Judgment, loss, and hypocrisy are explored in the lines, “And on Judgement Day, are You gonna write it in my sins? / Cah my nigga, he got cancer, and I'm lyin' to his kids / God, I'm tryin', but it hits me in my heart / I done lost so many niggas that's been with me from the start.” Dave grapples with moral dilemmas and grief simultaneously. He admits to wanting change without effort in, “Then I pray for quick change and I ain't even try it fast,” and recognizes his own fragility in “All I ever did was ask, shattered glass, crucifixes on my chest.” Materialism and spiritual conflict collide in “Pray to purchase a Patek, for my church, they cut a check,” and ethical reflection appears in, “How am I tryna pray for Congo with these diamonds on my neck?” which references exploitation in the diamond trade.

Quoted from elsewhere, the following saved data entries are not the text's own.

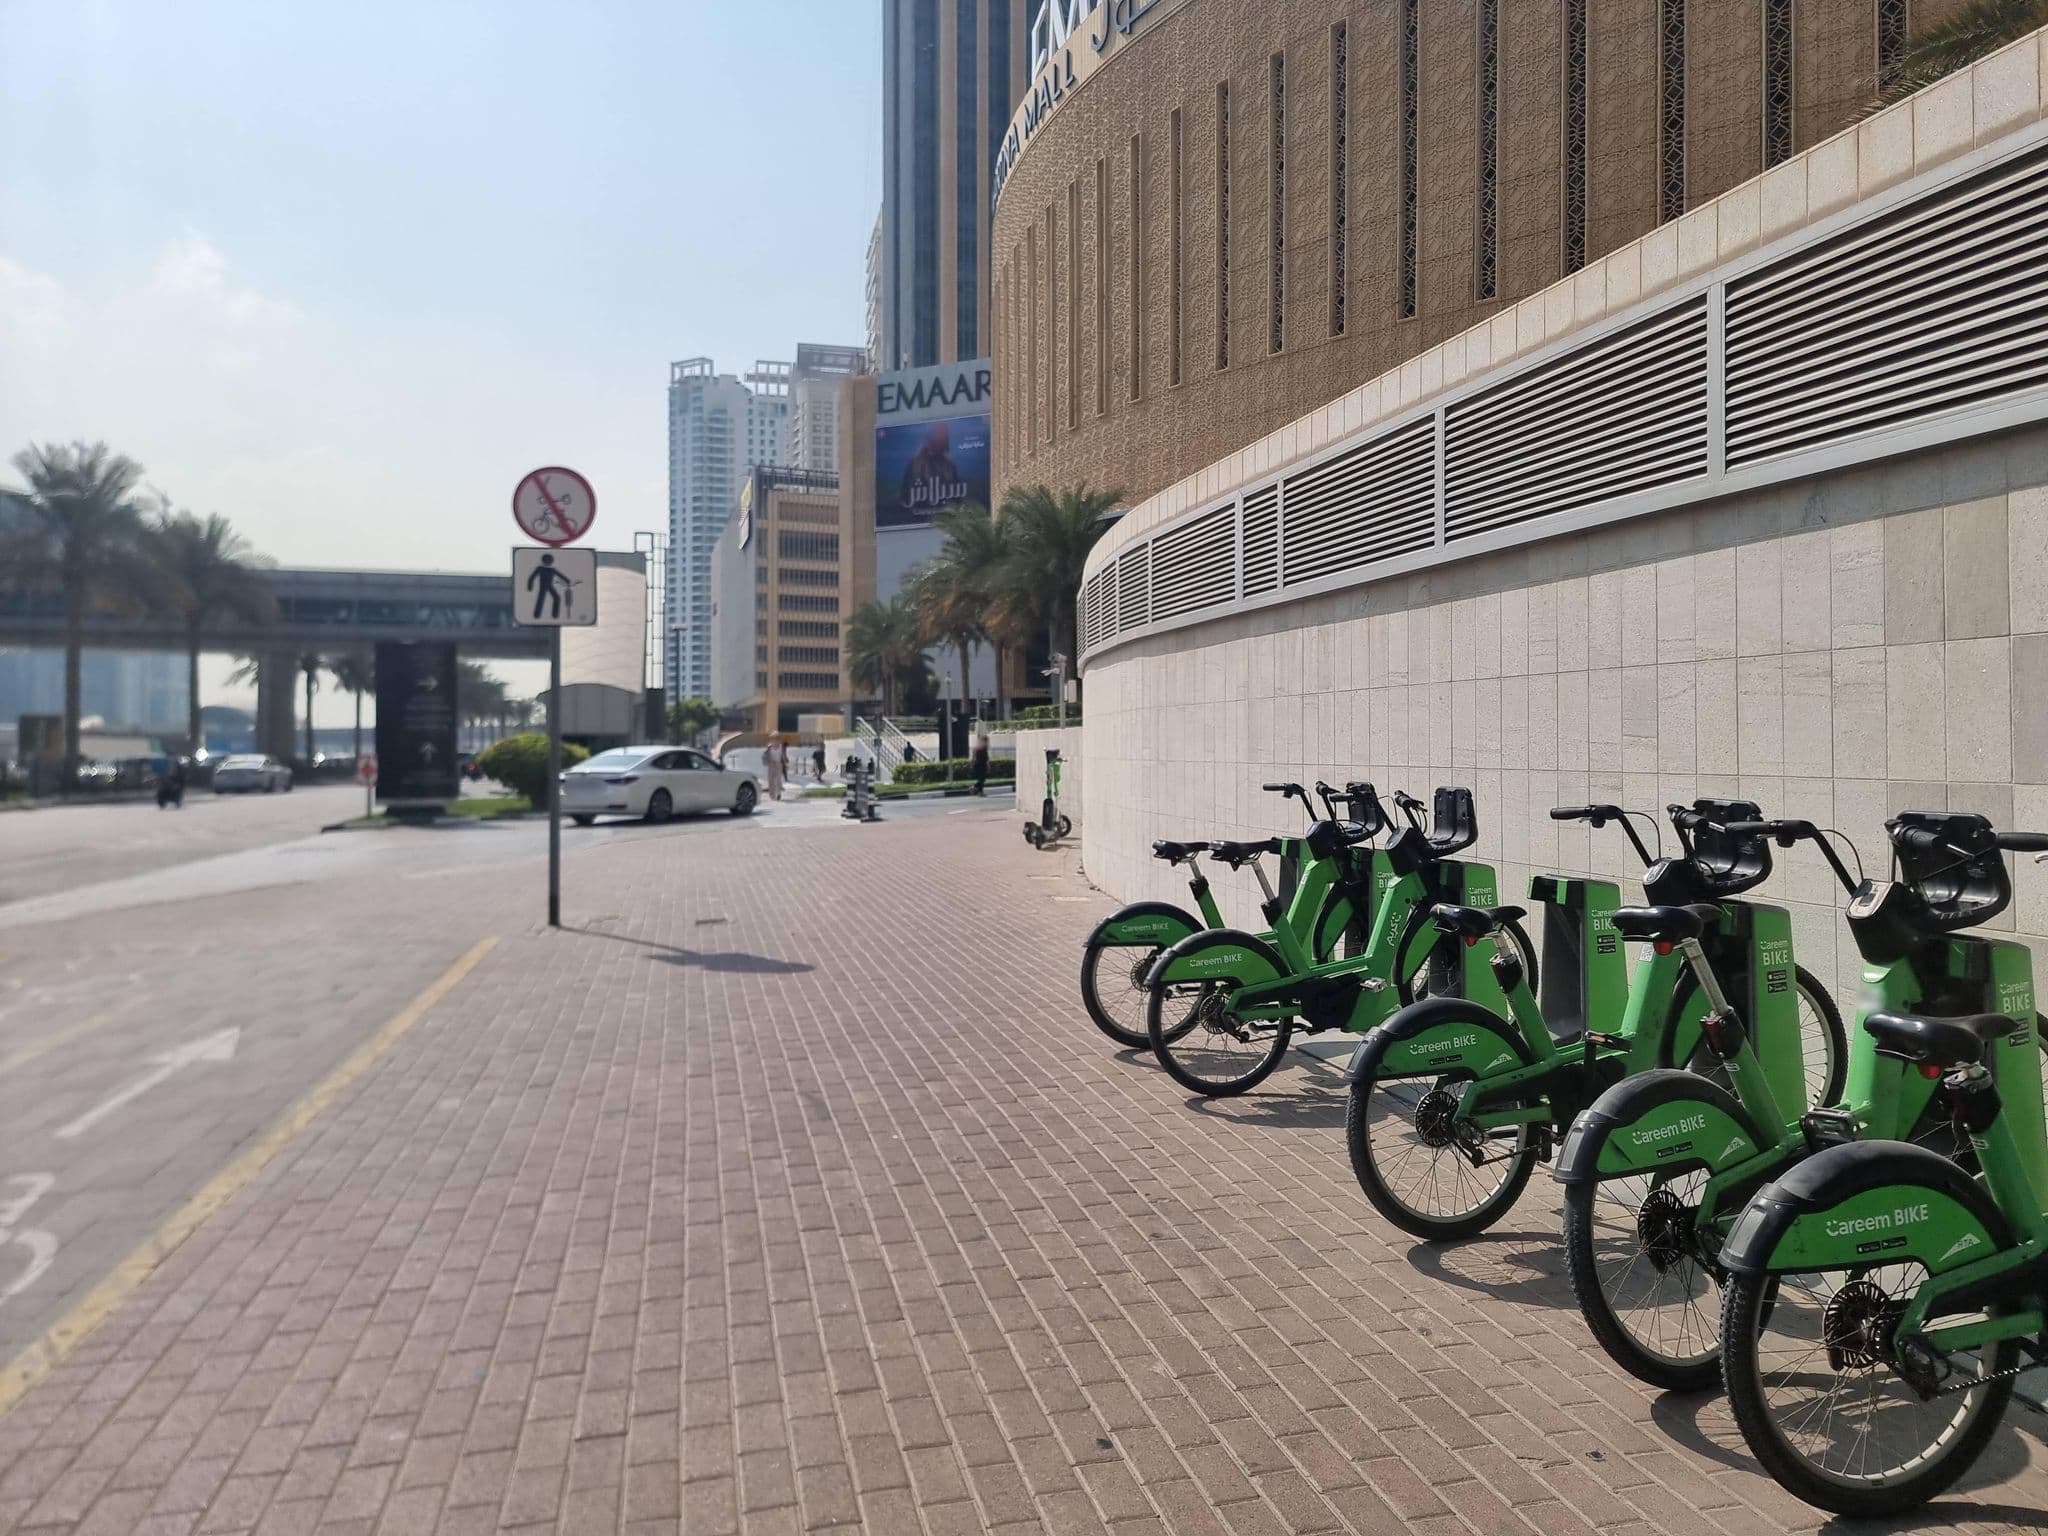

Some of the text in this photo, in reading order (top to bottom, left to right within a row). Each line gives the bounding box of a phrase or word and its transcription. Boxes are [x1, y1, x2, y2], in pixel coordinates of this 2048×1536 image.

[1023, 48, 1075, 139] MALL
[877, 370, 991, 414] EMAAR
[1376, 871, 1395, 879] Caree
[1470, 895, 1493, 906] BIKE
[1591, 910, 1616, 918] Caree
[1121, 922, 1169, 933] Careem BIKE
[1593, 918, 1616, 930] BIK
[1189, 953, 1243, 968] Careem BIKE
[1763, 950, 1789, 966] BIKE
[2002, 993, 2031, 1014] BIKE
[1409, 1034, 1477, 1055] Careem BIKE
[1632, 1114, 1706, 1145] Careem BIKE
[1826, 1203, 1929, 1237] Careem BIKE
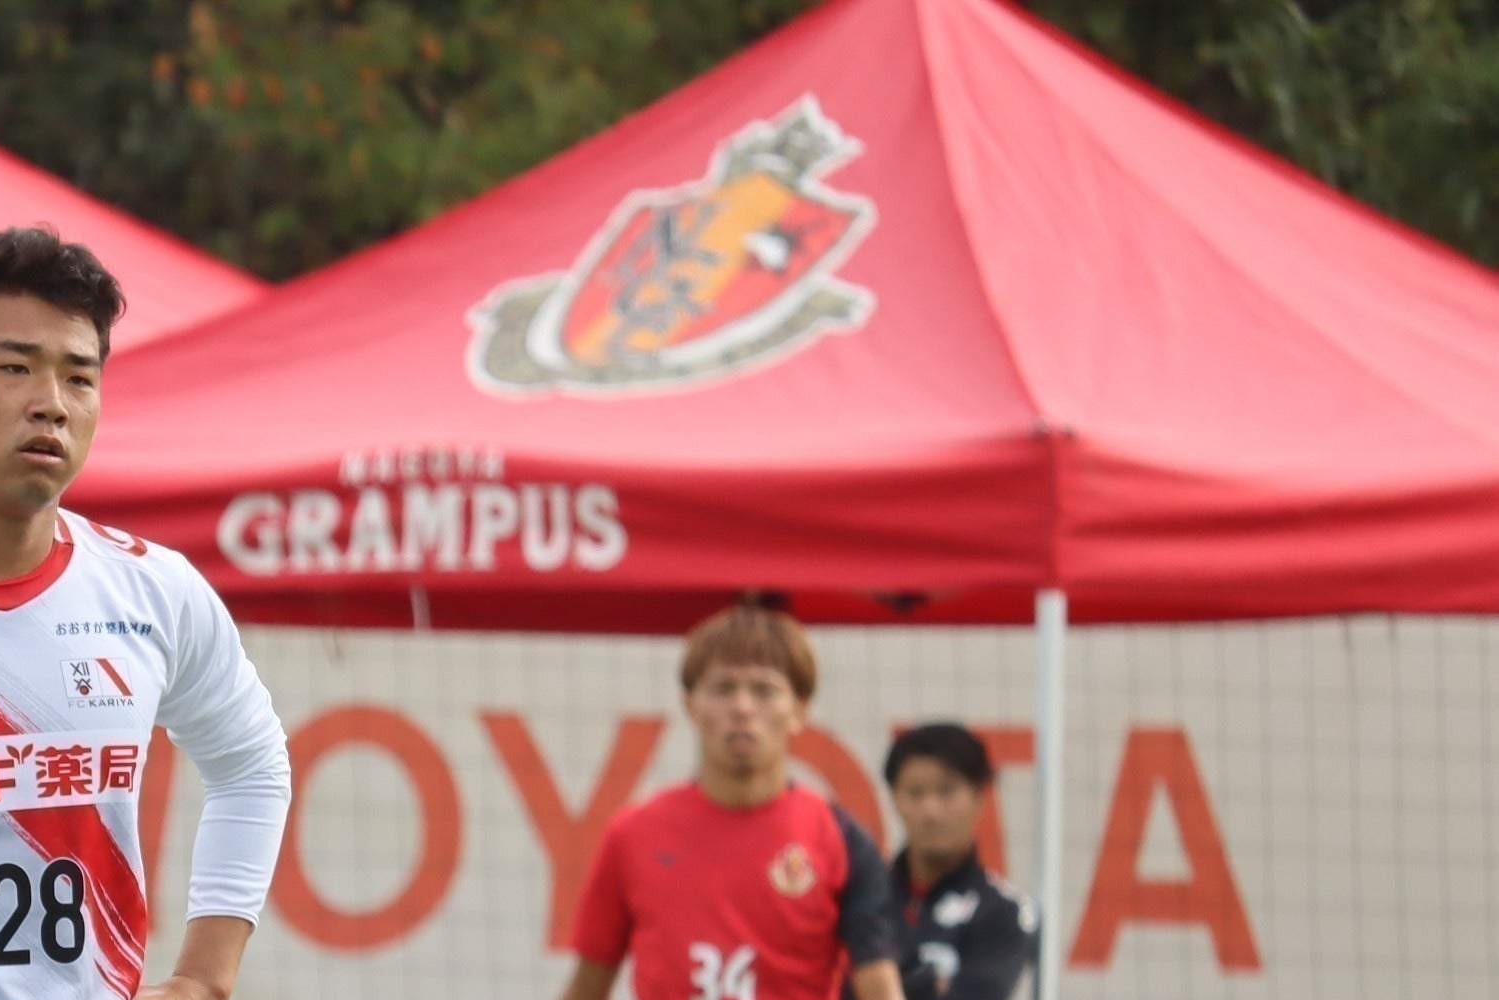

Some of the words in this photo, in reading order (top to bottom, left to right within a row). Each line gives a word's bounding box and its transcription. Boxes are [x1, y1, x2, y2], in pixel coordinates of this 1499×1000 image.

[215, 481, 630, 577] GRAMPUS
[88, 698, 135, 709] KARIYA
[137, 703, 1265, 976] OYTA
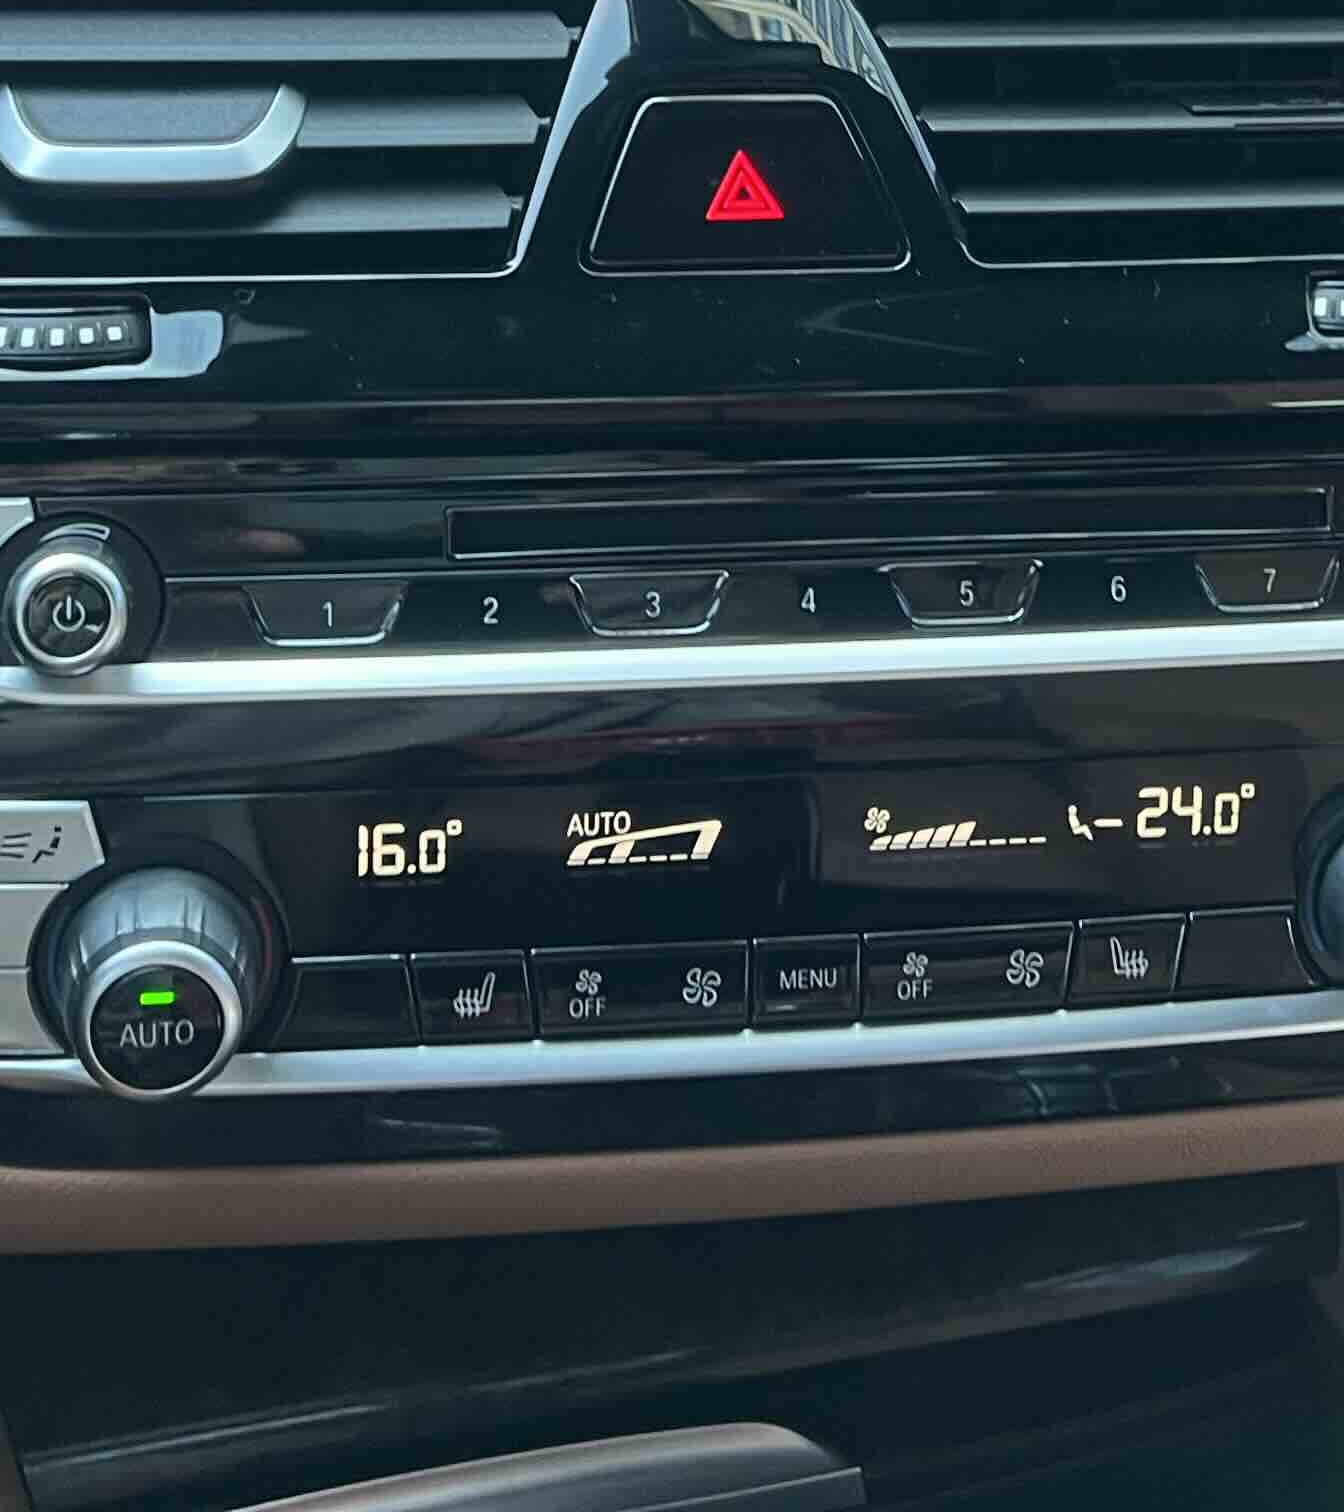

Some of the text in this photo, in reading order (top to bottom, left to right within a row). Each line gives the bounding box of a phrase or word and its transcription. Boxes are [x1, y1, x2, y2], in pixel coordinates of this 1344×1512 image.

[959, 579, 975, 607] 5
[1110, 575, 1127, 603] 6
[1263, 568, 1278, 593] 7
[482, 596, 500, 625] 2
[645, 590, 662, 618] 3
[800, 586, 817, 614] 4
[323, 601, 334, 628] 1
[567, 810, 632, 837] AUTO
[778, 967, 838, 991] MENU
[896, 978, 933, 1001] OFF
[568, 996, 607, 1019] OFF
[118, 1019, 195, 1049] AUTO

Family and legacy take center stage in, “There's a father and there's a son / Pray that I can show him how to love a woman through his mum / Because I never got the chance, and I just want the best / For my three little nieces that I carry on my chest,” where he expresses the desire to break generational cycles and protect the next generation. Dave also highlights humility and gratitude with, “I'm prayin' for my managers, I'm prayin' for their wives / 'Cause God knows that they're the ones that sacrifice their lives / I would've said their names, but God, you know who I mean.”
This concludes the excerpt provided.